We grew up next door to Gould Dominy on a plot outside town. Our plot was Birdhaven, theirs was Glen Khyber. We knew him as Uncle Gould and would watch fascinated as he drank tea out of the biggest teacup you ever saw. Size of a salad bowl. A flock of small dogs would be running around his ankles as he drank, seated on their wide enclosed and sun-filled stoep.

Then he disappeared and re-appeared years later at the hoerskool as religious instruction (RI) teacher. Seems he had been teaching music at some naff school in Bloemfontein all those years. St Andrews or St Somebody.

He had been very fond of me as a boy but he was re-meeting me as a teenager and that was about to change. Or would have had he not been such an amazingly tolerant and loving gentleman.

His classroom was at the back of the school in the row of asbestos prefabs. For the cold Harries winters it had a cast-iron stove in one corner.

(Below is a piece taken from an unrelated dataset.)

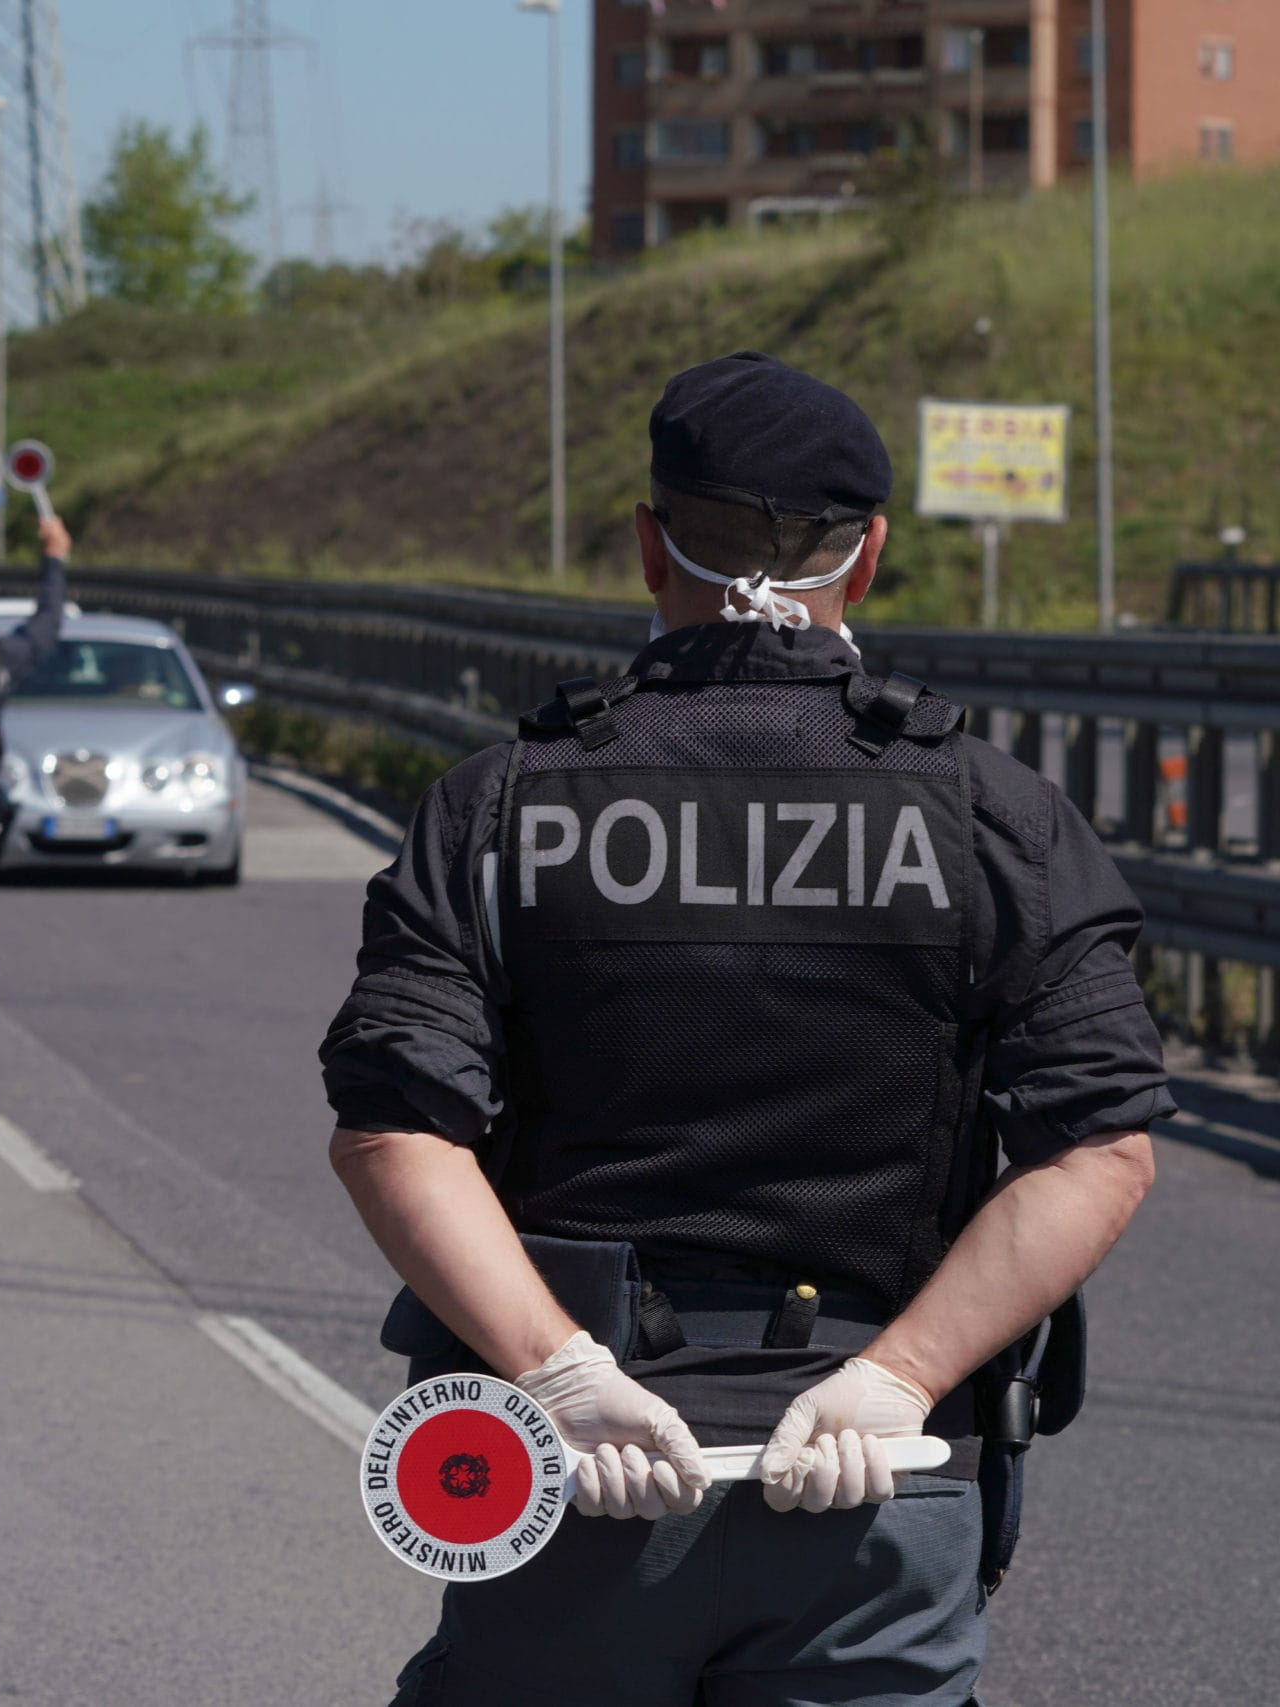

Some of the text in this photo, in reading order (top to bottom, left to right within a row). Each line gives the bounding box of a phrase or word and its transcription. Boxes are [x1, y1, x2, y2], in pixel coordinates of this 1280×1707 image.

[520, 798, 951, 909] POLIZIA
[368, 1380, 487, 1573] MINISTERO DELL'INTERNO
[504, 1394, 561, 1556] POLIZIA DI STATO

We were terrible. We would saunter in while he caught a quick smoke outside, grab his sarmies and scoff them, move the bookmark a hundred pages forward in his copy of The Robe* (that he was considerately reading to us as our “RI” in lieu of bible-punching) and pull up our chairs around the black stove and sit with our backs to him.

Dear old Mr Dominy would come in and start reading while tickling the inner canthus of his eye with a sharp pencil till he couldn’t stand it any longer, would then “gril” and rub his eyes vigorously, flabby cheeks wobbling, and then carry on reading. Every so often he’d mutter “I’m sure we hadn’t got this far?” proving he was the only one listening to the story. Not even the girls, sitting in the normal school benches, would comment on the fact that we read ten pages a day but moved on a hundred pages at a time.

‘Tex’ Grobbelaar, meantime, would also have swiped one of his cigarettes. Rolling up a sheet of paper, he would set light to it in the stove, light the fag and smoke it right there, furtively holding it in the palm of his cupped hand in that ‘ducktail’ way and blowing the smoke into the stove opening.

What a lovely man. Gould. Not Tex. Nor the rest of us.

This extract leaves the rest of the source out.